Benefits and Compensation

Understanding Health Reimbursement Arrangements

In health care, acronyms abound—ACA, FSA, FMLA, CDHP, HSA, etc. It can be a bit overwhelming.

HRAOne of the lesser known but still important healthcare-related acronyms is HRA. It stands for health reimbursement account (or health reimbursement arrangement), and it’s a type of account in which employers reimburse employees for qualified medical expenses.

HRAs are similar to flexible spending accounts (FSAs) in the sense that they are generally managed by the employer and are paid out after the expense is incurred by the employee. However, that’s where the similarities end. Unlike an FSA, an HRA is generally funded by the employer as a type of employee benefit. There are annual limits on some types of HRAs, which depend on the type of HRA offered. In an HRA, the employer’s reimbursements to the employee are usually not taxed,[i] which can be quite useful for both the employer and the employee.

Essentially, this type of plan has a lot of flexibility and leeway to be set up in a way that is best for those involved.

What Expenses Can Be Reimbursed?

Here are some types of expenses often reimbursed with HRAs:[ii]

  • Insurance deductibles (i.e., money spent on medical services before the deductible is met)
  • Patient copays or payments for office visits
  • Transportation costs related to getting medical treatment
  • Dental work or dental insurance premiums
  • Eye care or vision insurance premiums
  • Pharmacy expenses
  • Insurance premiums, in some cases
  • Meals while receiving medical care
  • Therapy sessions

Note that which options are available may depend on the type of HRA that is set up. There are multiple types to choose from, including qualified small employer, individual coverage, group coverage, excepted benefit, dental/vision, and retiree HRA.
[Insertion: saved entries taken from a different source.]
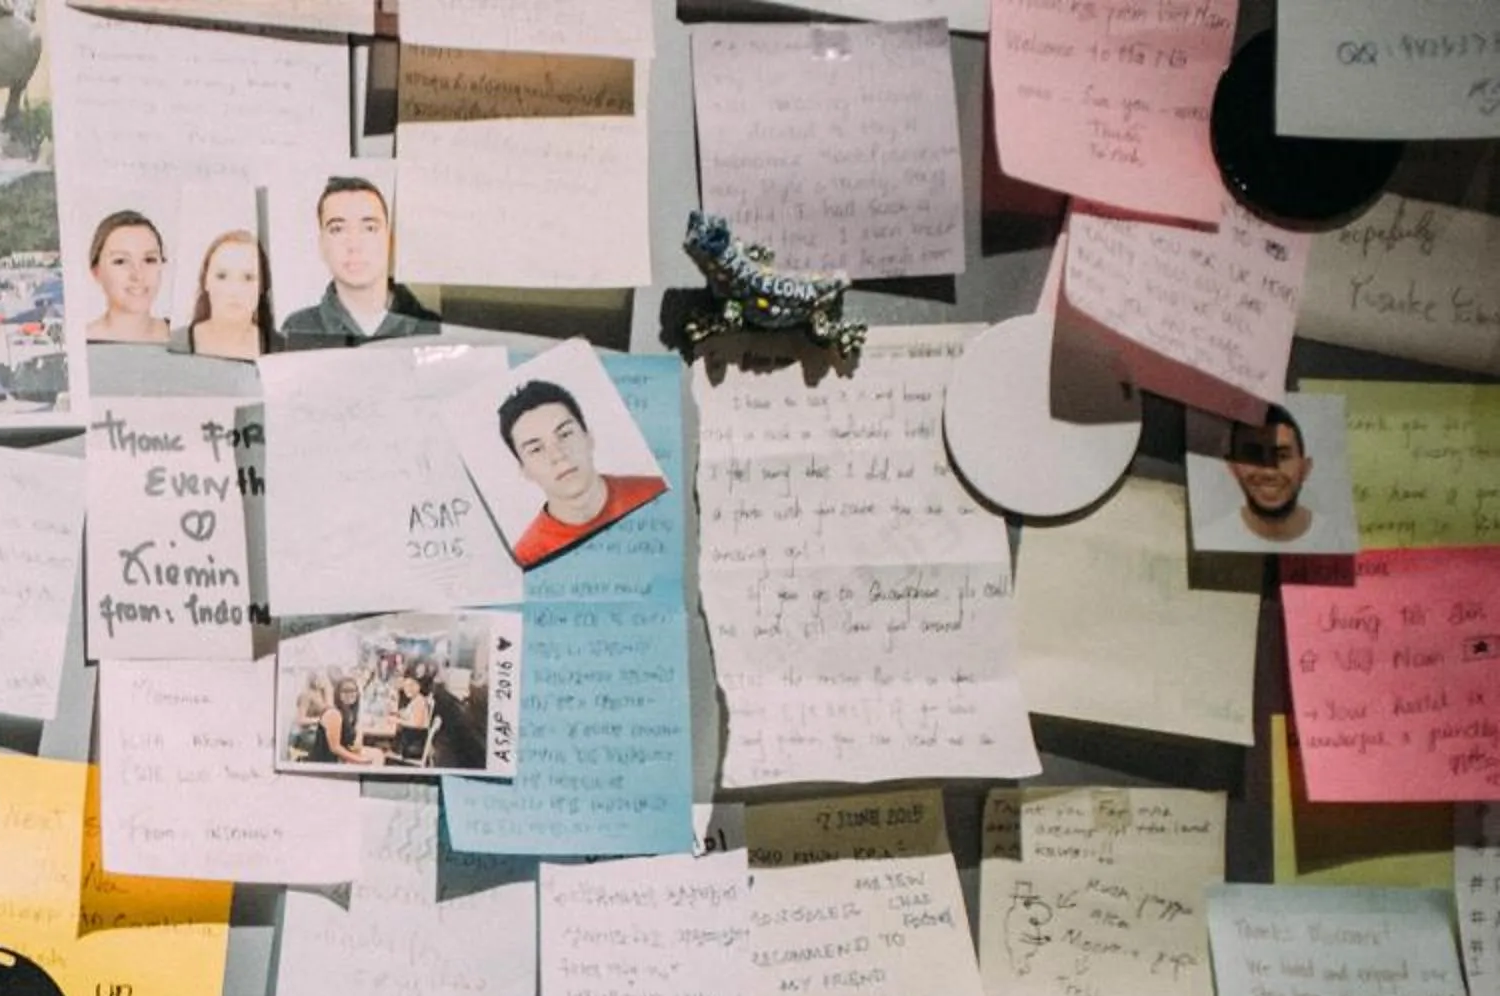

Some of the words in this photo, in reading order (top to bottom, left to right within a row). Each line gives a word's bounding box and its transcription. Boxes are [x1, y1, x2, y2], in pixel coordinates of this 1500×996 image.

[408, 499, 474, 533] ASAP
[496, 656, 515, 703] 2016
[493, 714, 514, 764] ASAP
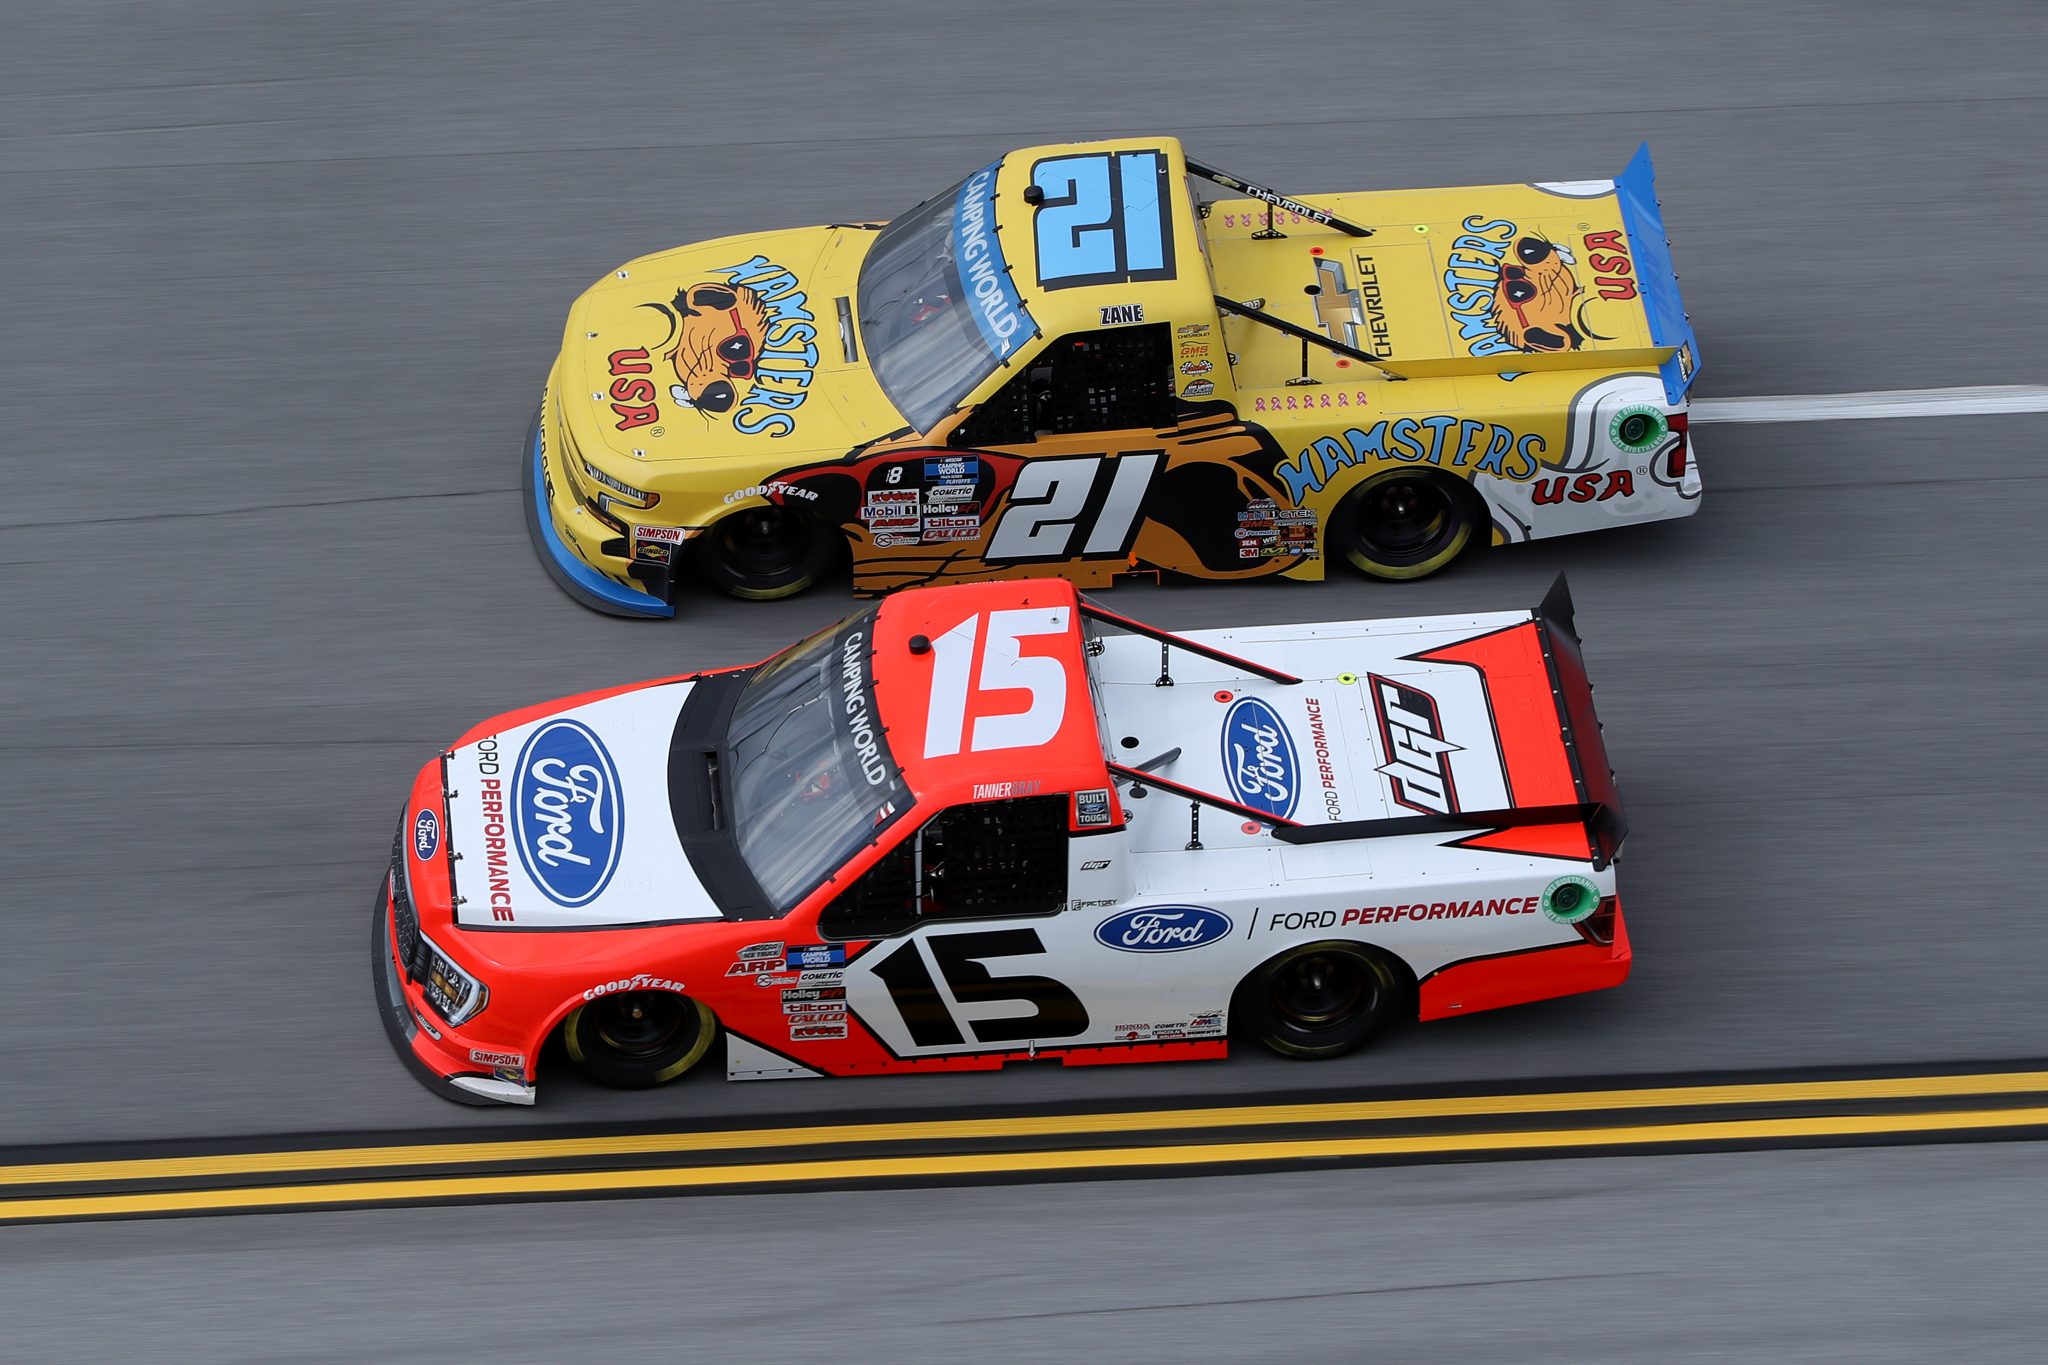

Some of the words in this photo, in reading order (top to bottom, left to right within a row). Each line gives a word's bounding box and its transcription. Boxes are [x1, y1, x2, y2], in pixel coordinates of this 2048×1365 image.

[961, 171, 990, 262] CAMPING
[1031, 152, 1164, 284] 21
[1246, 185, 1333, 225] CHEVROLET
[1583, 229, 1638, 302] USA
[968, 259, 1019, 339] WORLD
[1356, 254, 1393, 358] CHEVROLET
[1443, 214, 1521, 382] AMSTERS
[1100, 305, 1144, 325] ZANE
[704, 254, 820, 439] HAMSTERS
[1180, 346, 1209, 355] GMS
[607, 345, 660, 432] USA
[937, 462, 965, 470] CAMPING
[938, 467, 965, 475] WORLD
[1274, 415, 1547, 508] HAMSTERS
[723, 480, 819, 506] GOODYEAR
[1531, 468, 1635, 506] USA
[863, 507, 901, 517] Mobil
[922, 504, 959, 515] Holley
[927, 518, 977, 527] tilton
[984, 454, 1159, 560] 21
[636, 527, 682, 541] SIMPSON
[923, 528, 980, 539] CALICO
[638, 547, 669, 556] SUNOCO
[1240, 548, 1258, 558] 3M
[842, 631, 866, 715] CAMPING
[922, 605, 1071, 760] 15
[848, 709, 887, 786] WORLD
[1305, 697, 1335, 790] PERFORMANCE
[1078, 793, 1106, 804] BUILT
[1327, 791, 1344, 822] FORD
[1079, 813, 1108, 823] TOUGH
[480, 778, 515, 922] PERFORMANCE
[1121, 912, 1205, 945] Ford
[1269, 910, 1337, 931] FORD
[1340, 896, 1540, 927] PERFORMANCE
[728, 960, 785, 974] ARP
[802, 956, 831, 964] WORLD
[582, 972, 688, 1001] GOODYEAR
[782, 990, 820, 1000] Holley
[869, 927, 1090, 1048] 15
[786, 1003, 843, 1013] tilton
[473, 1052, 520, 1066] SIMPSON
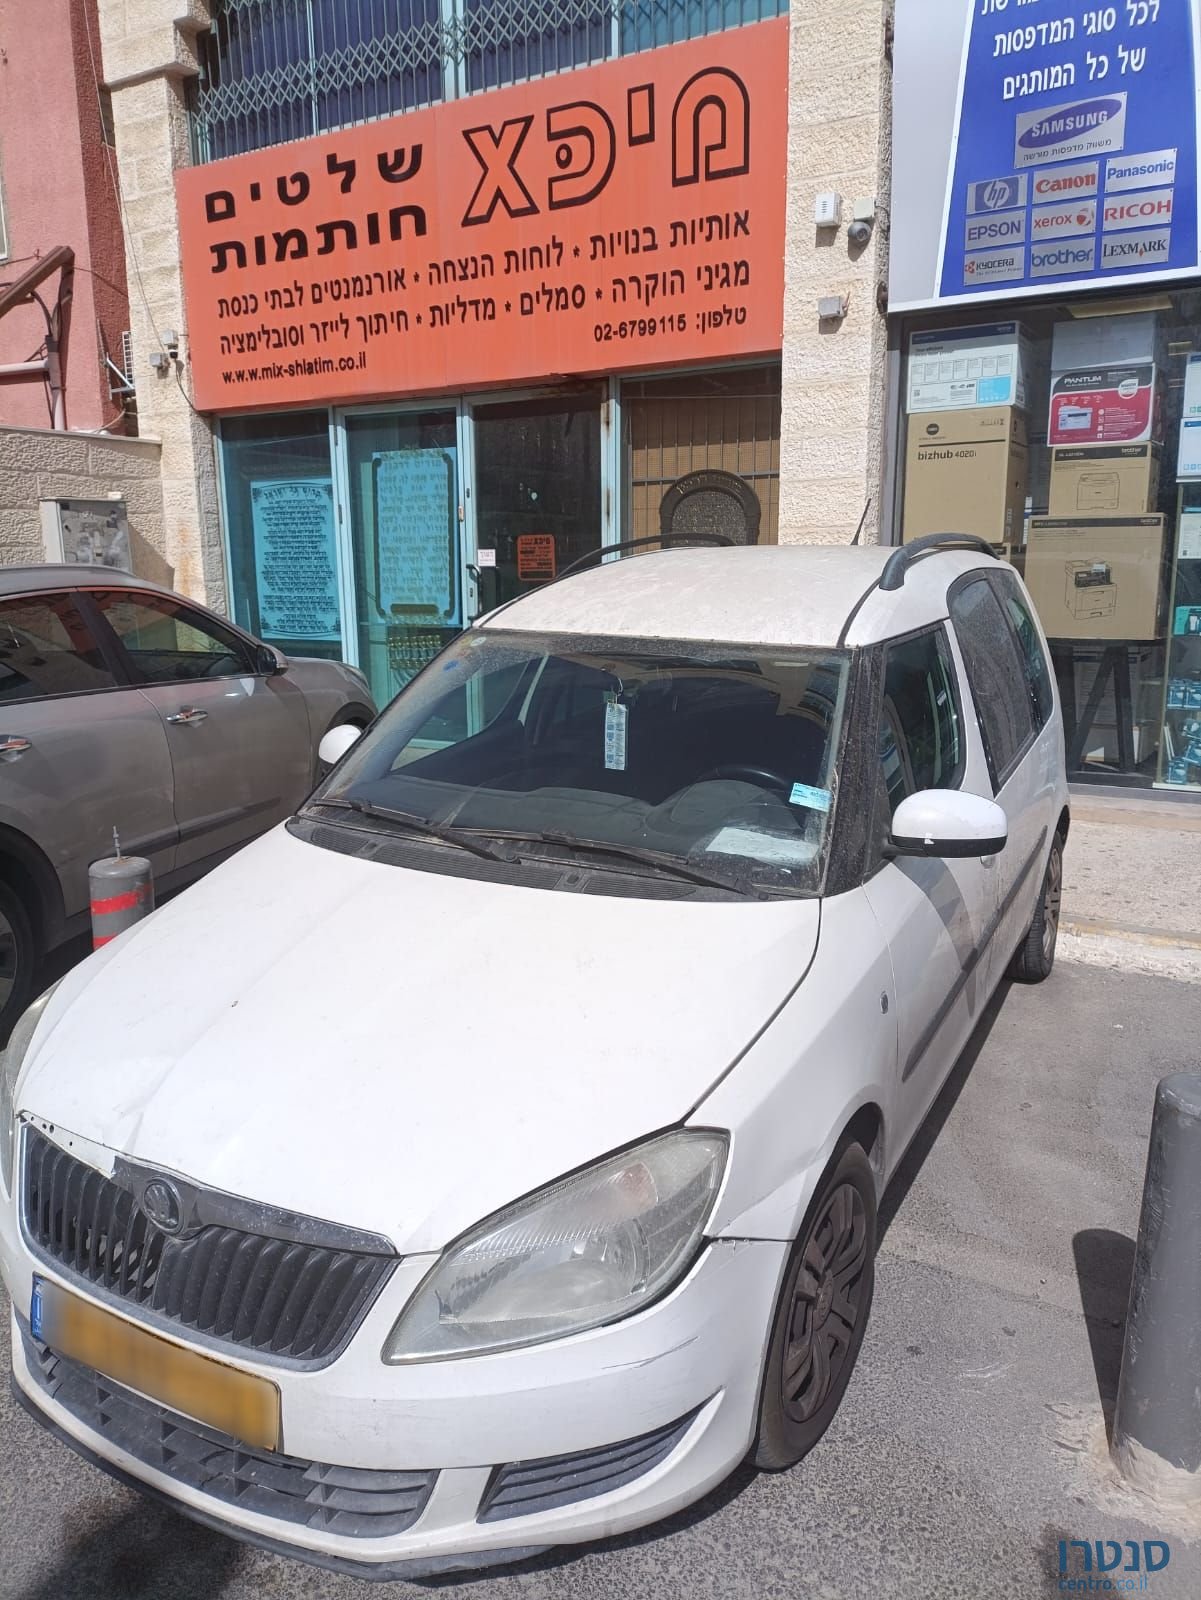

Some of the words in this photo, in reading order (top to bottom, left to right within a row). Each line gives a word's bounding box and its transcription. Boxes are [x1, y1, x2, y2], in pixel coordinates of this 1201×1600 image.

HRA Customization Options for Employers

Here are some options for employers when setting up an HRA:

  • Employers can decide what specific expenses will and will not be reimbursed, as long as they remain within the overall legal guidelines. There is Internal Revenue Service (IRS) guidance on which expenses can be considered medical expenses.
  • Employers can decide whether unused portions of the allocated HRA will be rolled over to the following year or returned to the employers. Or, they could opt to not allocate funds in advance and simply pay as needed, with no rollover question.
  • Employers can opt to have the HRA in funds that can be immediately accessed, allowing the employee to use a debit card to pay immediately for allowed expenses rather than be reimbursed.
  • Employers decide the maximum reimbursement they’re going to provide for each employee. There are some caps in place, depending on the type of plan offered, but these are fairly generous.

Offering an HRA is one option that some employers go for when they don’t feel they can afford to provide a full health insurance benefit. This can be especially useful for small employers that are not otherwise required to provide health insurance but still want to remain competitive in the talent marketplace by offering some form of reimbursement to offset healthcare costs for employees. This type of benefit is incredibly flexible and can be affordable because employers can set their own expense limits. While there are a few restrictions, this plan is generally very flexible for employers.

[i] Note: Not all versions of HRAs are tax free for employees.